_Record excerpts_
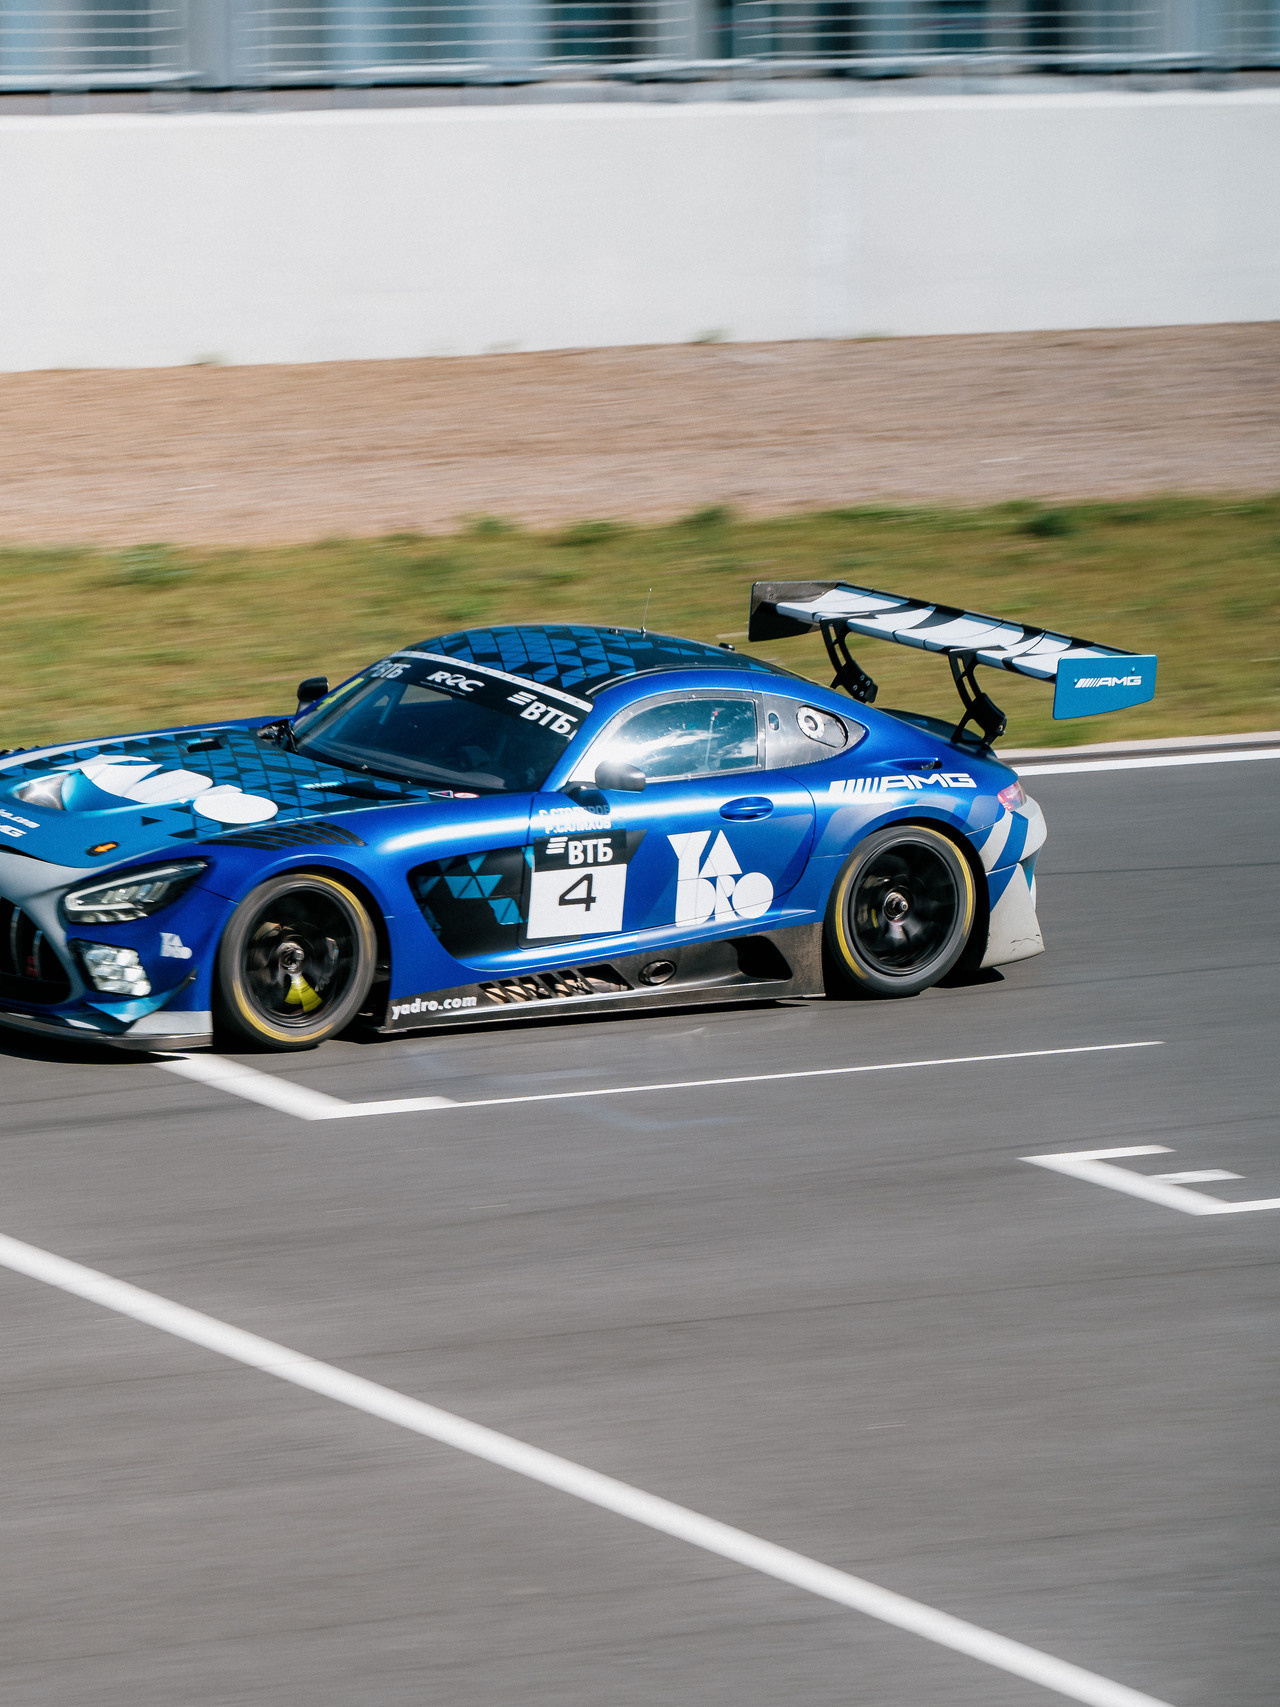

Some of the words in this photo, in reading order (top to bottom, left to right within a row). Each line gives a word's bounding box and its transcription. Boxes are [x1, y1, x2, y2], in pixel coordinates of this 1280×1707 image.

[1096, 675, 1142, 687] AMG
[520, 701, 579, 734] ВТБ
[878, 773, 978, 793] AMG
[568, 837, 614, 866] ВТБ
[558, 873, 597, 912] 4
[392, 997, 478, 1020] yadro.com
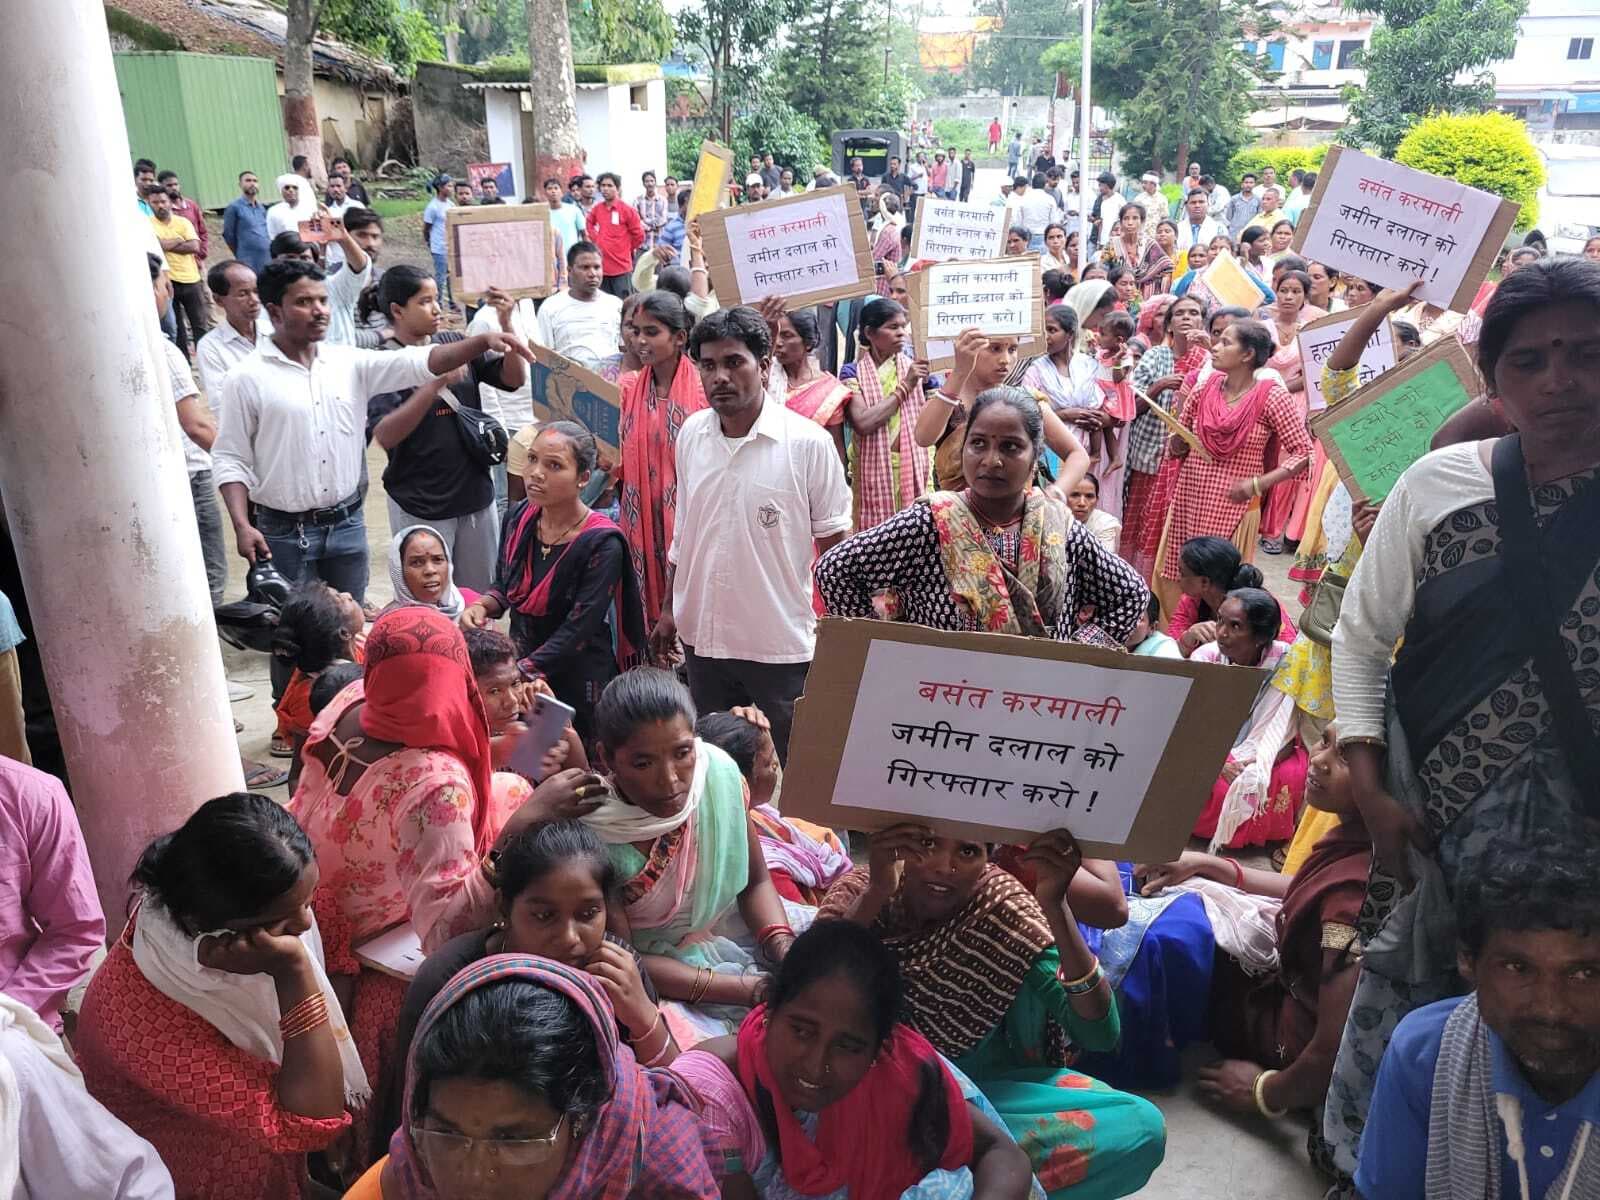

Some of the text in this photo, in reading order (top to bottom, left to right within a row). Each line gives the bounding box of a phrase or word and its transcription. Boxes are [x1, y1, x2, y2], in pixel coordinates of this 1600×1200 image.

[1358, 178, 1464, 225] बसंत करमाली
[748, 212, 827, 240] बसंत करमाली
[1339, 203, 1457, 256] जमीन दलाल को
[747, 234, 839, 263] जमीन दलाल को
[1330, 229, 1394, 266] गिरफ्तार
[753, 268, 804, 287] गिरफ्तार
[943, 269, 1018, 284] बसंत करमाली
[936, 288, 1025, 304] जमीन दलाल को
[936, 311, 985, 325] गिरफ्तार
[918, 679, 1127, 726] बसंत करमाली
[891, 720, 1125, 772] जमीन दलाल को
[887, 758, 1014, 800] गिरफ्तार
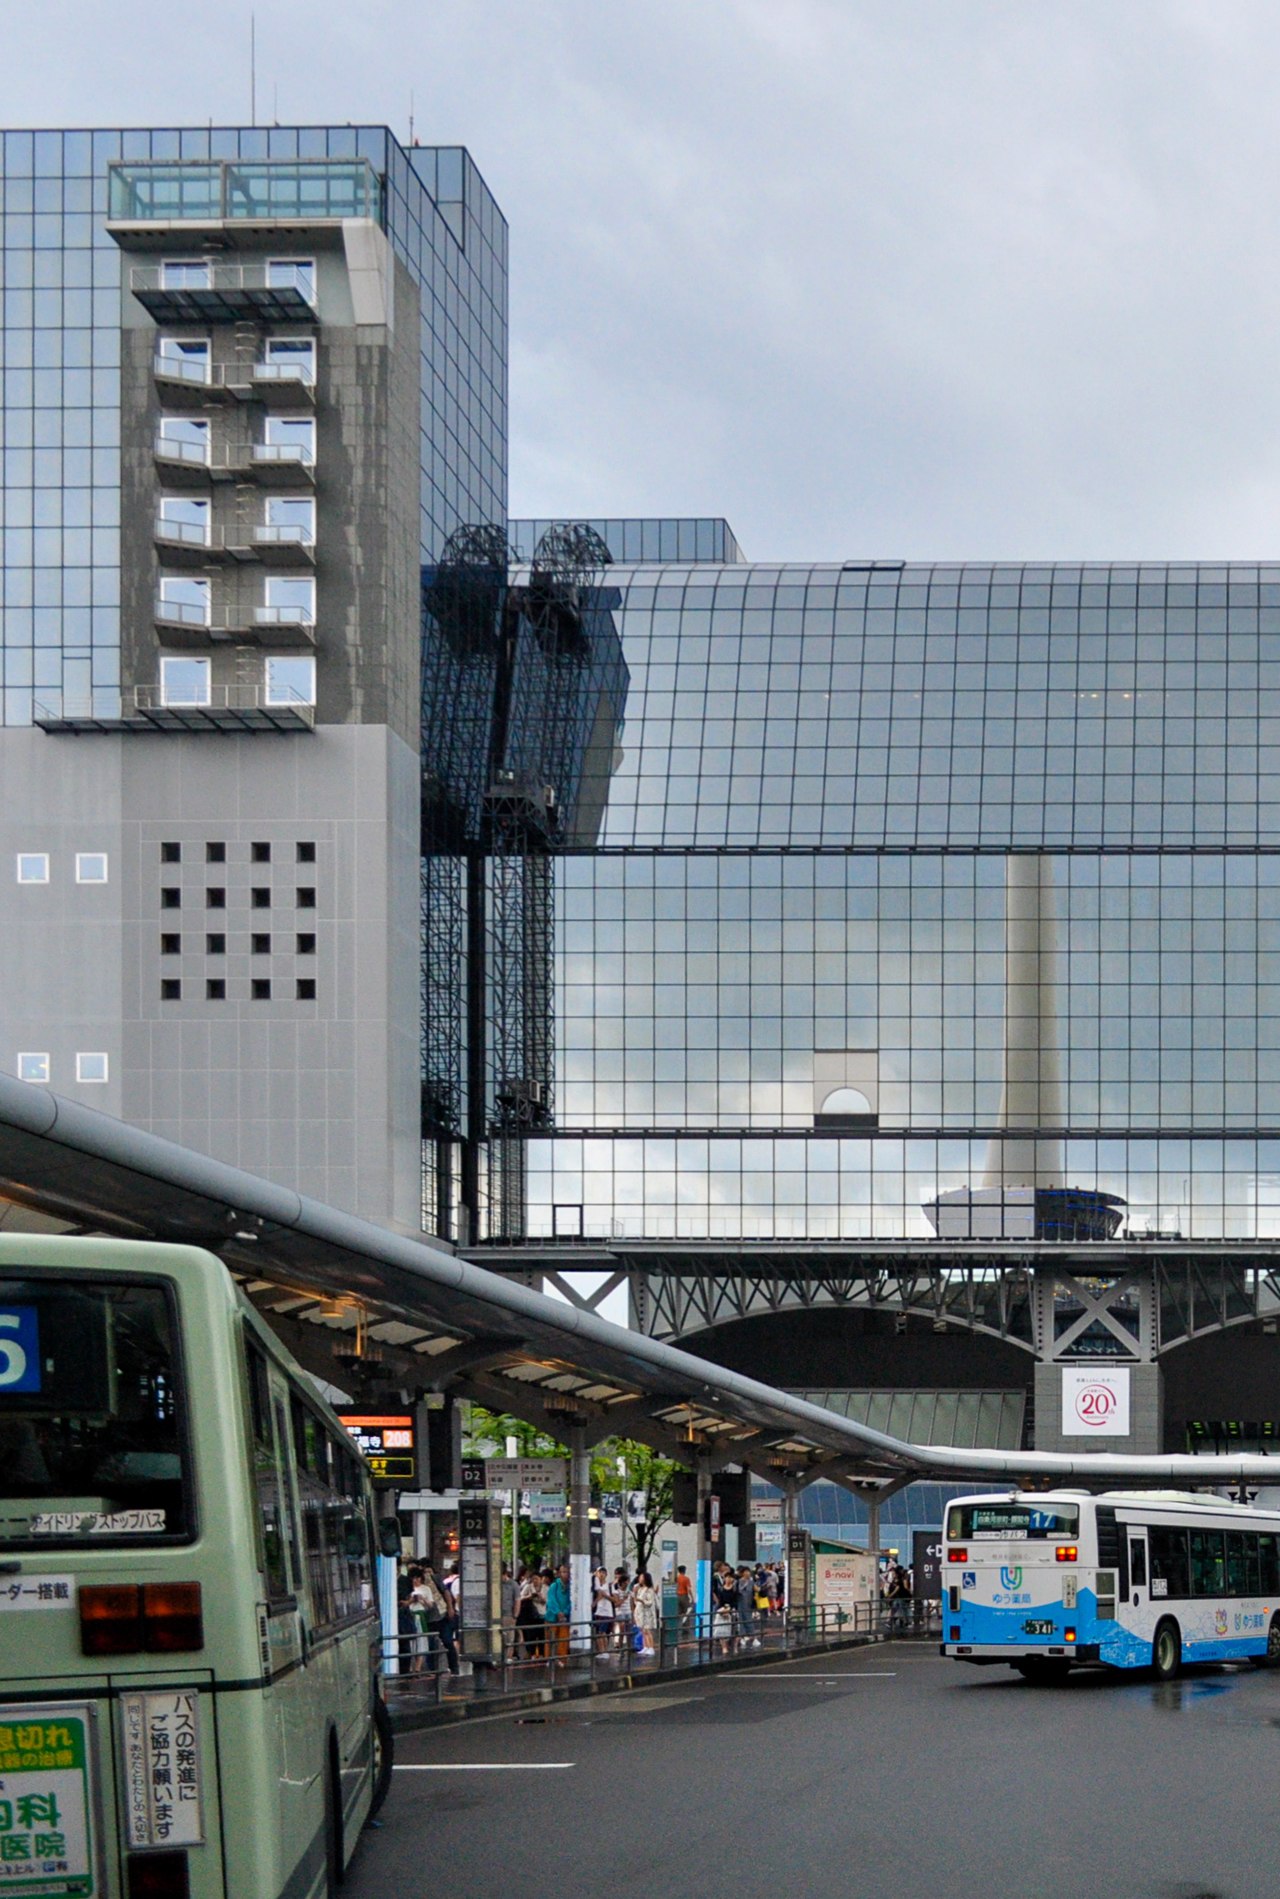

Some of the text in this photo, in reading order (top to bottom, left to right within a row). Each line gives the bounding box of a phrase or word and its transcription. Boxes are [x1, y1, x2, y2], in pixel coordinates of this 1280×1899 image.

[387, 1431, 410, 1447] 208
[465, 1471, 480, 1480] D2
[466, 1520, 482, 1529] D2
[1032, 1512, 1053, 1528] 17
[924, 1564, 933, 1572] D1
[174, 1693, 199, 1802] バスの発進に
[0, 1751, 73, 1769] 器の治療
[150, 1713, 174, 1839] ご協力願います

_What is required_
Would you retype the listing above exactly, omitting its pictures?

_Solution to the exercise_
Some of the words in this photo, in reading order (top to bottom, left to right within a row). Each line gives a word's bounding box and its transcription. Boxes are [x1, y1, x2, y2], in pixel coordinates of this 1280×1707 image.

[1096, 675, 1142, 687] AMG
[520, 701, 579, 734] ВТБ
[878, 773, 978, 793] AMG
[568, 837, 614, 866] ВТБ
[558, 873, 597, 912] 4
[392, 997, 478, 1020] yadro.com

Some of the text in this photo, in reading order (top to bottom, left to right within a row). Each line gives the bounding box of a phrase or word and its transcription. Boxes are [x1, y1, x2, y2], in pixel coordinates of this 1600×1200 image.

[1358, 178, 1464, 225] बसंत करमाली
[748, 212, 827, 240] बसंत करमाली
[1339, 203, 1457, 256] जमीन दलाल को
[747, 234, 839, 263] जमीन दलाल को
[1330, 229, 1394, 266] गिरफ्तार
[753, 268, 804, 287] गिरफ्तार
[943, 269, 1018, 284] बसंत करमाली
[936, 288, 1025, 304] जमीन दलाल को
[936, 311, 985, 325] गिरफ्तार
[918, 679, 1127, 726] बसंत करमाली
[891, 720, 1125, 772] जमीन दलाल को
[887, 758, 1014, 800] गिरफ्तार

Some of the text in this photo, in reading order (top to bottom, left to right within a row). Each line gives the bounding box of a phrase or word and its transcription. Boxes are [x1, y1, x2, y2], in pixel coordinates of this 1280×1899 image.

[387, 1431, 410, 1447] 208
[465, 1471, 480, 1480] D2
[466, 1520, 482, 1529] D2
[1032, 1512, 1053, 1528] 17
[924, 1564, 933, 1572] D1
[174, 1693, 199, 1802] バスの発進に
[0, 1751, 73, 1769] 器の治療
[150, 1713, 174, 1839] ご協力願います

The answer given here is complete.